(Saved data entries)
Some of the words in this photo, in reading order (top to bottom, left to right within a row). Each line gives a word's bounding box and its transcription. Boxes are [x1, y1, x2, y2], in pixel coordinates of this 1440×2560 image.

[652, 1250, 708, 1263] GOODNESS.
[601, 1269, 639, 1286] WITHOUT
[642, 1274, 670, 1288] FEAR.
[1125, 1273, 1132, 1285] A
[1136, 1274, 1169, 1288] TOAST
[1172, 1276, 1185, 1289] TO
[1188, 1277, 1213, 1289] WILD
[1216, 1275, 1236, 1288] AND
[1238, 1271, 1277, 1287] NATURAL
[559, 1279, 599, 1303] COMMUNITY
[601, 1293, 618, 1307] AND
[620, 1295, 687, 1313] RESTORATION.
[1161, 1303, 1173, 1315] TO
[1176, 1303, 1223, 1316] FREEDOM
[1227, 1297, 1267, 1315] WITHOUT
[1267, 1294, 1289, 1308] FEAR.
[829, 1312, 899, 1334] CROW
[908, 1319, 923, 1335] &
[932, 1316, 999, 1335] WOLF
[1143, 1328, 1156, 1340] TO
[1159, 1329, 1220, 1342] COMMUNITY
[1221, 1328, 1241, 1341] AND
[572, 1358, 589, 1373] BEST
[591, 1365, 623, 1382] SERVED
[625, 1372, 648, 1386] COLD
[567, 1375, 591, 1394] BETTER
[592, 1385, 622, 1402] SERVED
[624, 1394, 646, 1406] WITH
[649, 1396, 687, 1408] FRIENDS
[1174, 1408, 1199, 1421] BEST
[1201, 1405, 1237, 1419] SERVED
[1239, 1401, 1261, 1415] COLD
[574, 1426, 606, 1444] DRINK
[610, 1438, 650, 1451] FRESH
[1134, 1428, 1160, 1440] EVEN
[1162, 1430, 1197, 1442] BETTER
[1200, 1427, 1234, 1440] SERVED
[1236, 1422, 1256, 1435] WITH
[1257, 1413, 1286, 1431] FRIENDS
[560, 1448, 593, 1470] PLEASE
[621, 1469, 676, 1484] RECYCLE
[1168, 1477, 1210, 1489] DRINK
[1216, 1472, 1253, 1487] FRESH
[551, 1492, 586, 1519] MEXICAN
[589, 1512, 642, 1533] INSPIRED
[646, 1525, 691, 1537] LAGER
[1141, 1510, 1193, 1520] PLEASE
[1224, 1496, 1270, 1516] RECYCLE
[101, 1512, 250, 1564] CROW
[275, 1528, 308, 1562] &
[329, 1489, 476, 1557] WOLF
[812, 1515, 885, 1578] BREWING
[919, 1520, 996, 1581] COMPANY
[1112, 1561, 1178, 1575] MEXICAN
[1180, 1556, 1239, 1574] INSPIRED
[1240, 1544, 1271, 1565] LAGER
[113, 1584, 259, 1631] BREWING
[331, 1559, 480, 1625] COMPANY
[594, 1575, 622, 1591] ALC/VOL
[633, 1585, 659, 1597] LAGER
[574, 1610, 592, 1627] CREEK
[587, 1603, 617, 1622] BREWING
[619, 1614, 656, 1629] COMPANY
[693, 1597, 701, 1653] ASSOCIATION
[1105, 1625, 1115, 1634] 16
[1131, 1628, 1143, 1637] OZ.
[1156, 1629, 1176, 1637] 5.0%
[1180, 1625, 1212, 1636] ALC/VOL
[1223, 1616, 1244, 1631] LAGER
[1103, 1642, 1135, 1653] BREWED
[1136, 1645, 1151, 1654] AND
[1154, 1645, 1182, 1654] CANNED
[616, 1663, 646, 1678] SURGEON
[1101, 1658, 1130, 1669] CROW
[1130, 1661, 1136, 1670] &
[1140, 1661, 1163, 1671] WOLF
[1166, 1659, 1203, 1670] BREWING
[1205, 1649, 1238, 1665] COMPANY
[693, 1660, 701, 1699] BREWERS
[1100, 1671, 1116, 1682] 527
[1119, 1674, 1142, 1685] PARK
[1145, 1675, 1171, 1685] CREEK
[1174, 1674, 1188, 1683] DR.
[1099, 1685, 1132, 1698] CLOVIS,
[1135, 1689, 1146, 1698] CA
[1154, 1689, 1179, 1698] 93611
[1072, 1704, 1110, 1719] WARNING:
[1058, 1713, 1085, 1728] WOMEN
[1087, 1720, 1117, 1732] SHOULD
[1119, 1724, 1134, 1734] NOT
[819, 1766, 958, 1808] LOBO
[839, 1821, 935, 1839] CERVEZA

DESCRIPTION OF THE TASK >>
Whatever is in the entries above, write it out exactly.

ANSWER SPACE >>
Some of the words in this photo, in reading order (top to bottom, left to right within a row). Each line gives a word's bounding box and its transcription. Boxes are [x1, y1, x2, y2], in pixel coordinates of this 1440×2560 image.

[652, 1250, 708, 1263] GOODNESS.
[601, 1269, 639, 1286] WITHOUT
[642, 1274, 670, 1288] FEAR.
[1125, 1273, 1132, 1285] A
[1136, 1274, 1169, 1288] TOAST
[1172, 1276, 1185, 1289] TO
[1188, 1277, 1213, 1289] WILD
[1216, 1275, 1236, 1288] AND
[1238, 1271, 1277, 1287] NATURAL
[559, 1279, 599, 1303] COMMUNITY
[601, 1293, 618, 1307] AND
[620, 1295, 687, 1313] RESTORATION.
[1161, 1303, 1173, 1315] TO
[1176, 1303, 1223, 1316] FREEDOM
[1227, 1297, 1267, 1315] WITHOUT
[1267, 1294, 1289, 1308] FEAR.
[829, 1312, 899, 1334] CROW
[908, 1319, 923, 1335] &
[932, 1316, 999, 1335] WOLF
[1143, 1328, 1156, 1340] TO
[1159, 1329, 1220, 1342] COMMUNITY
[1221, 1328, 1241, 1341] AND
[572, 1358, 589, 1373] BEST
[591, 1365, 623, 1382] SERVED
[625, 1372, 648, 1386] COLD
[567, 1375, 591, 1394] BETTER
[592, 1385, 622, 1402] SERVED
[624, 1394, 646, 1406] WITH
[649, 1396, 687, 1408] FRIENDS
[1174, 1408, 1199, 1421] BEST
[1201, 1405, 1237, 1419] SERVED
[1239, 1401, 1261, 1415] COLD
[574, 1426, 606, 1444] DRINK
[610, 1438, 650, 1451] FRESH
[1134, 1428, 1160, 1440] EVEN
[1162, 1430, 1197, 1442] BETTER
[1200, 1427, 1234, 1440] SERVED
[1236, 1422, 1256, 1435] WITH
[1257, 1413, 1286, 1431] FRIENDS
[560, 1448, 593, 1470] PLEASE
[621, 1469, 676, 1484] RECYCLE
[1168, 1477, 1210, 1489] DRINK
[1216, 1472, 1253, 1487] FRESH
[551, 1492, 586, 1519] MEXICAN
[589, 1512, 642, 1533] INSPIRED
[646, 1525, 691, 1537] LAGER
[1141, 1510, 1193, 1520] PLEASE
[1224, 1496, 1270, 1516] RECYCLE
[101, 1512, 250, 1564] CROW
[275, 1528, 308, 1562] &
[329, 1489, 476, 1557] WOLF
[812, 1515, 885, 1578] BREWING
[919, 1520, 996, 1581] COMPANY
[1112, 1561, 1178, 1575] MEXICAN
[1180, 1556, 1239, 1574] INSPIRED
[1240, 1544, 1271, 1565] LAGER
[113, 1584, 259, 1631] BREWING
[331, 1559, 480, 1625] COMPANY
[594, 1575, 622, 1591] ALC/VOL
[633, 1585, 659, 1597] LAGER
[574, 1610, 592, 1627] CREEK
[587, 1603, 617, 1622] BREWING
[619, 1614, 656, 1629] COMPANY
[693, 1597, 701, 1653] ASSOCIATION
[1105, 1625, 1115, 1634] 16
[1131, 1628, 1143, 1637] OZ.
[1156, 1629, 1176, 1637] 5.0%
[1180, 1625, 1212, 1636] ALC/VOL
[1223, 1616, 1244, 1631] LAGER
[1103, 1642, 1135, 1653] BREWED
[1136, 1645, 1151, 1654] AND
[1154, 1645, 1182, 1654] CANNED
[616, 1663, 646, 1678] SURGEON
[1101, 1658, 1130, 1669] CROW
[1130, 1661, 1136, 1670] &
[1140, 1661, 1163, 1671] WOLF
[1166, 1659, 1203, 1670] BREWING
[1205, 1649, 1238, 1665] COMPANY
[693, 1660, 701, 1699] BREWERS
[1100, 1671, 1116, 1682] 527
[1119, 1674, 1142, 1685] PARK
[1145, 1675, 1171, 1685] CREEK
[1174, 1674, 1188, 1683] DR.
[1099, 1685, 1132, 1698] CLOVIS,
[1135, 1689, 1146, 1698] CA
[1154, 1689, 1179, 1698] 93611
[1072, 1704, 1110, 1719] WARNING:
[1058, 1713, 1085, 1728] WOMEN
[1087, 1720, 1117, 1732] SHOULD
[1119, 1724, 1134, 1734] NOT
[819, 1766, 958, 1808] LOBO
[839, 1821, 935, 1839] CERVEZA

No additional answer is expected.